The “Marca Brasil” came to public attention briefly in 2005 when the logo competition winner was announced—and not everyone was equally smitten with it. However, seeing it in place today on ads, promotions, and products may bring a new appreciation for it. Last week, I had a chance to catch up with Kiko via e-mail exchanges and to get his thoughts on the mark and its meaning. He wrote:
The ‘Marca Brasil’ encompasses:• Joy• Luminosity / brightness / exuberance• Meeting of cultures / blending of races• Modern / capable• Sinuosity / curve (of nature, of the people’s character)
Nothing is as representative of Brazil as a curve. The sinuosity of the mountains, the waves of the sea, the soft outline of the clouds, the undulation of the beaches, the joy of our people. The curve envelops and snuggles you. Those who come to Brazil immediately feel at home. Brazil is a bright, luminous and colorful country. It is said that the astronauts circling the earth noted that Brazil is the most luminous sight on the planet. Whether it is a myth or reality, Brazil has a special energy that attracts and fascinates visitors. It is a joyful country. Foreigners often say that Brazilians are always merrymaking. And this ability to be merry, even when things are somewhat difficult, is impressive. The fact that Brazil is a melting pot of races and cultures has made it into a ‘mestizo’ country with regard to the strength and resilience of all that is hybrid. All those who live here contribute to the cultural heritage.
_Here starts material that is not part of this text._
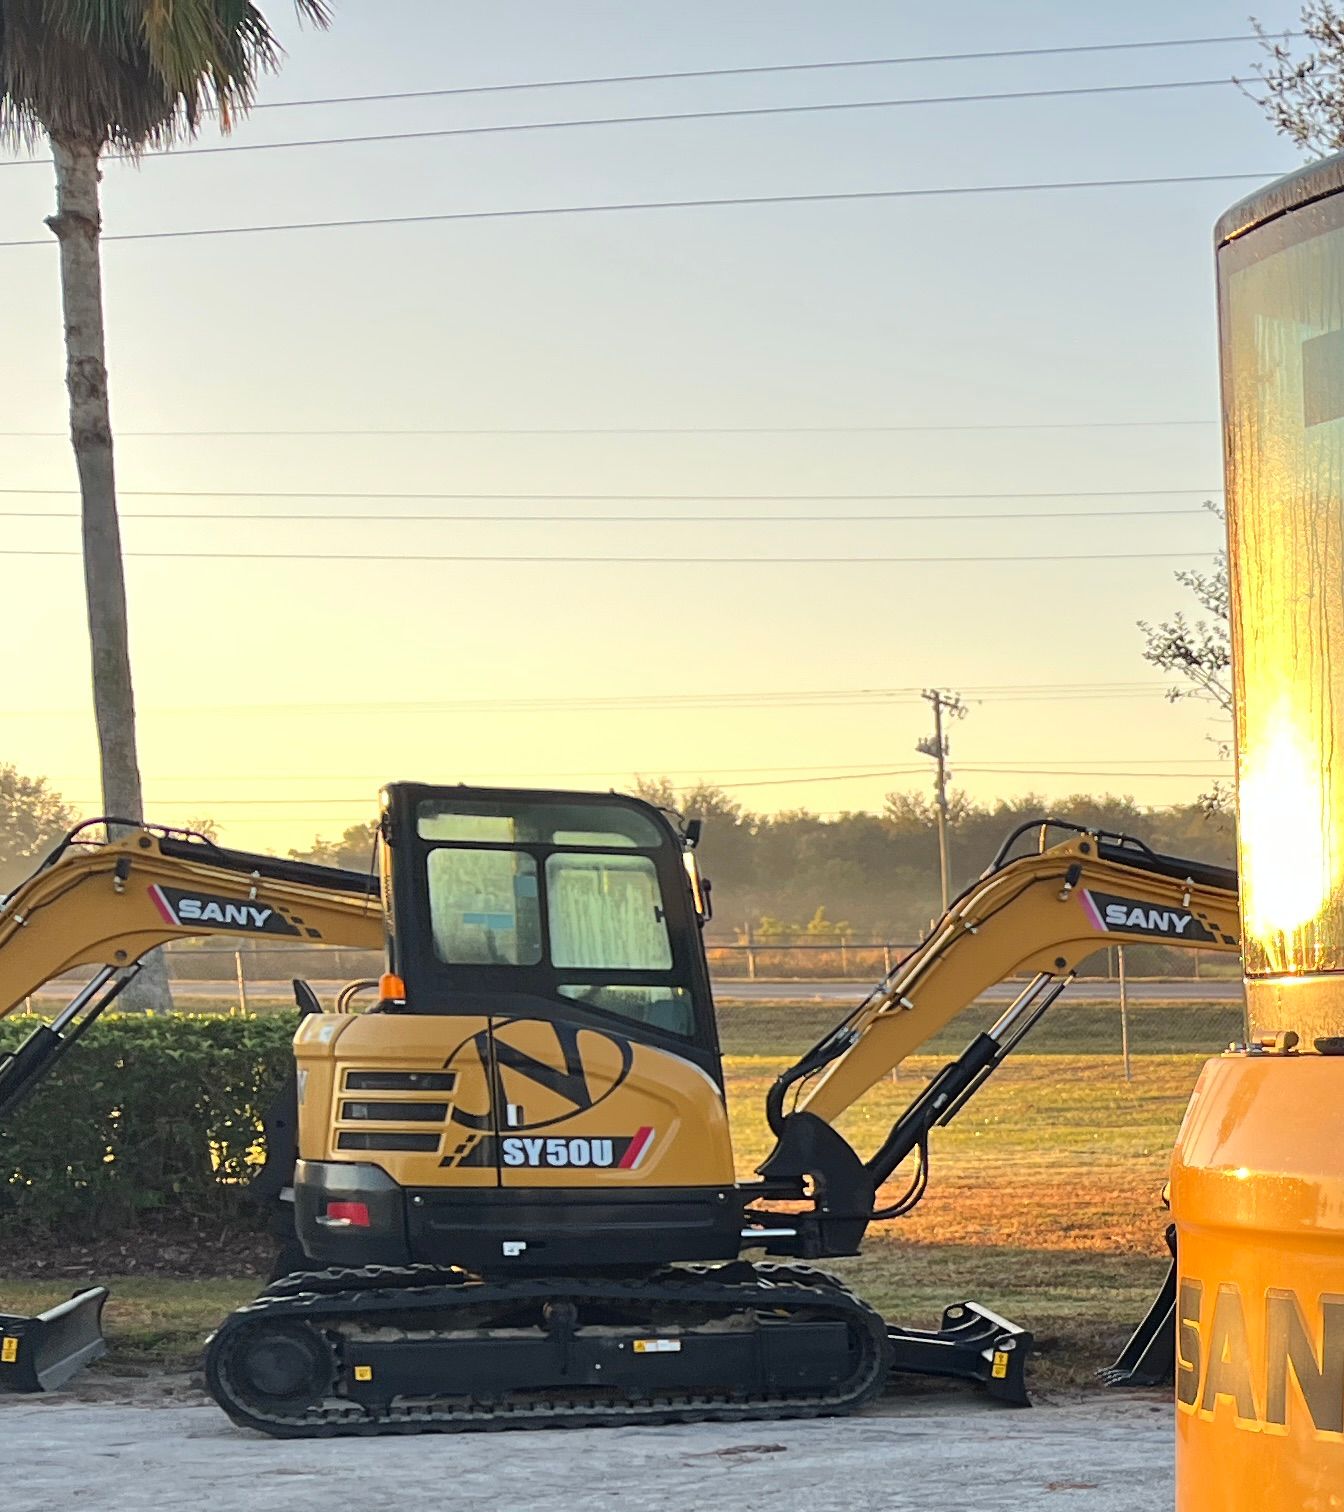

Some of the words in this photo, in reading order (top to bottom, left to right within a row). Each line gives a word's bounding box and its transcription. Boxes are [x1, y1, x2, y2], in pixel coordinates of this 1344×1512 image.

[178, 899, 272, 928] SANY
[1105, 904, 1192, 933] SANY
[502, 1137, 613, 1167] SY50U
Roberto Burle Marx was one of the inventors of Brazilian landscape design, bringing forgotten and underrated species to light and fashion. He designed the gardens of the modernist buildings from the late 50s through the 70s. His era was Brazil’s golden era, with the bossa nova, Oscar Niemeyer, Brasilia, ‘cinema novo,’ and soccer championships in ‘58 and ‘62. We even had the perfect woman: Miss Universe 1968!”
Máquina Estúdio, which was paid the equivalent of $14,000 for the logo design, has recently expanded the program to include a pattern of transparent boomerang shapes to be used on items like beach towels and T-shirts, and the design of a promotional bottle of cachaça (pronounced ka-sha-sa), the sugar cane-based liquor that is the basis of caipirinha, the drink that may contribute to so much of Brazilians’ happiness.
If you’re not feeling 100% positive about the logo, try this: Cut into pieces and crush 1 lime. Put in a tall glass with 1 tb sugar. Add 2 oz cachaça. Fill the glass with ice and shake. Sip. Now, aren’t you imagining you’re on Copacabana Beach surrounded by undulating waves of color?